Problem to work on ▸
Copy every record verbatim but exclude the pictures.

Start of Source material

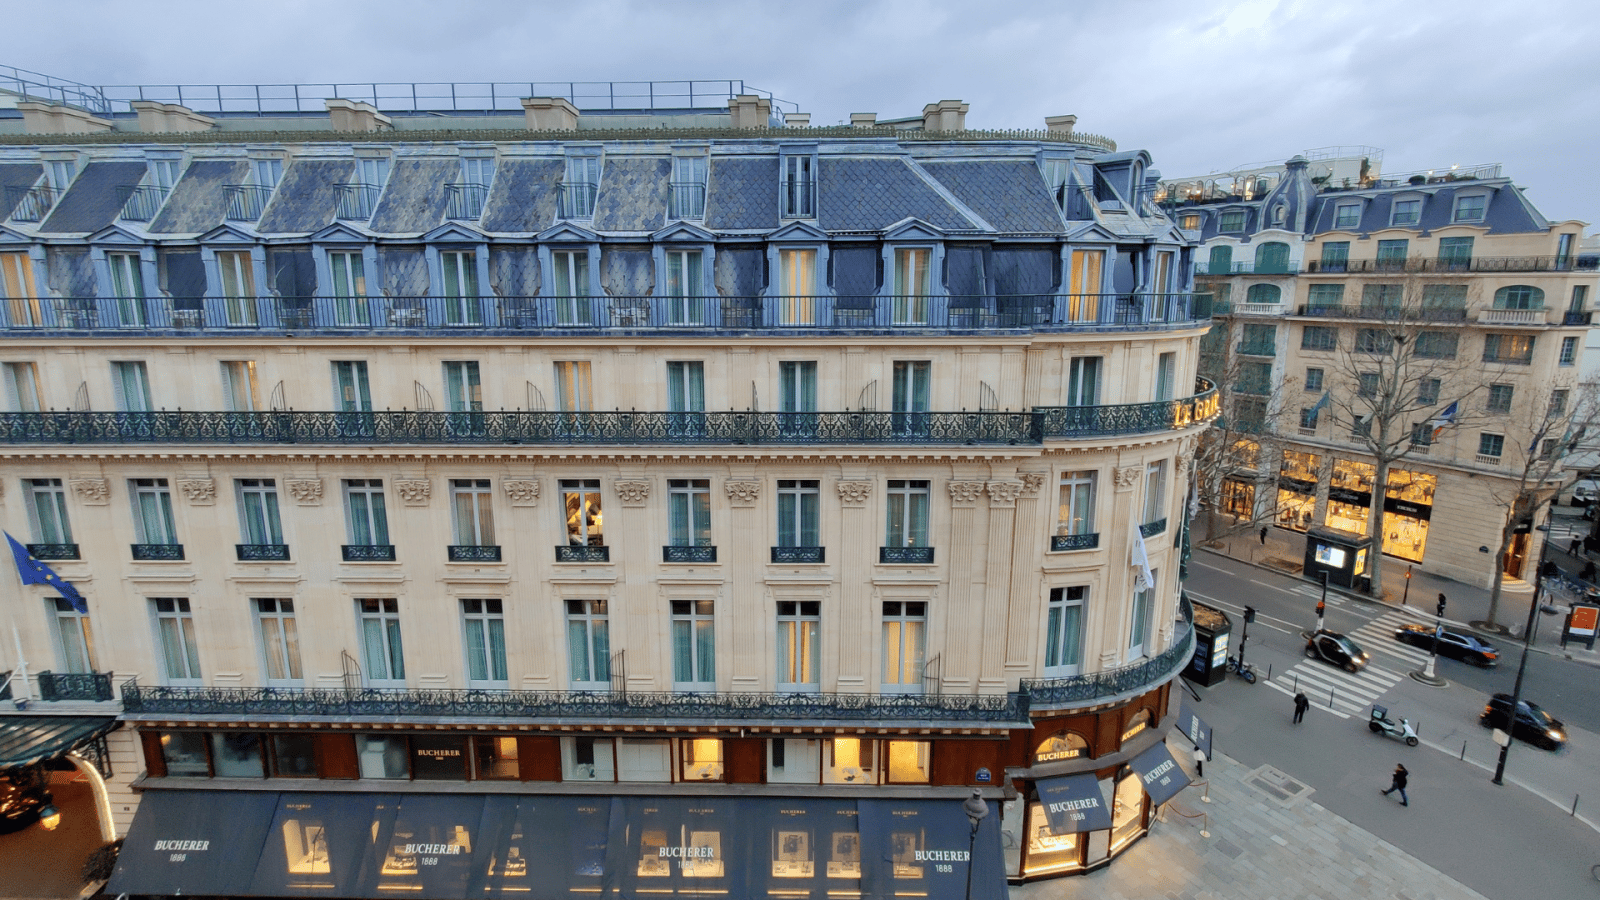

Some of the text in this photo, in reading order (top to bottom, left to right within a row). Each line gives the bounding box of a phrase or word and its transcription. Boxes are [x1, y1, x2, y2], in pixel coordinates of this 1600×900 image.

[417, 749, 460, 757] BUCHERER
[1037, 749, 1080, 762] BUCHERER
[1143, 759, 1175, 785] BUCHERER
[1049, 797, 1100, 814] BUCHERER
[1070, 812, 1086, 821] 1888
[154, 840, 210, 851] BUCHERER
[404, 843, 461, 855] BUCHERER
[169, 853, 187, 862] 1888
[658, 846, 715, 858] BUCHERER
[915, 850, 970, 862] BUCHERER
[421, 857, 439, 866] 1888
[935, 864, 953, 873] 1888

End of Source material

Answer below ▸
Some of the text in this photo, in reading order (top to bottom, left to right within a row). Each line gives the bounding box of a phrase or word and its transcription. Boxes are [x1, y1, x2, y2], in pixel coordinates of this 1600×900 image.

[417, 749, 460, 757] BUCHERER
[1037, 749, 1080, 762] BUCHERER
[1143, 759, 1175, 785] BUCHERER
[1049, 797, 1100, 814] BUCHERER
[1070, 812, 1086, 821] 1888
[154, 840, 210, 851] BUCHERER
[404, 843, 461, 855] BUCHERER
[169, 853, 187, 862] 1888
[658, 846, 715, 858] BUCHERER
[915, 850, 970, 862] BUCHERER
[421, 857, 439, 866] 1888
[935, 864, 953, 873] 1888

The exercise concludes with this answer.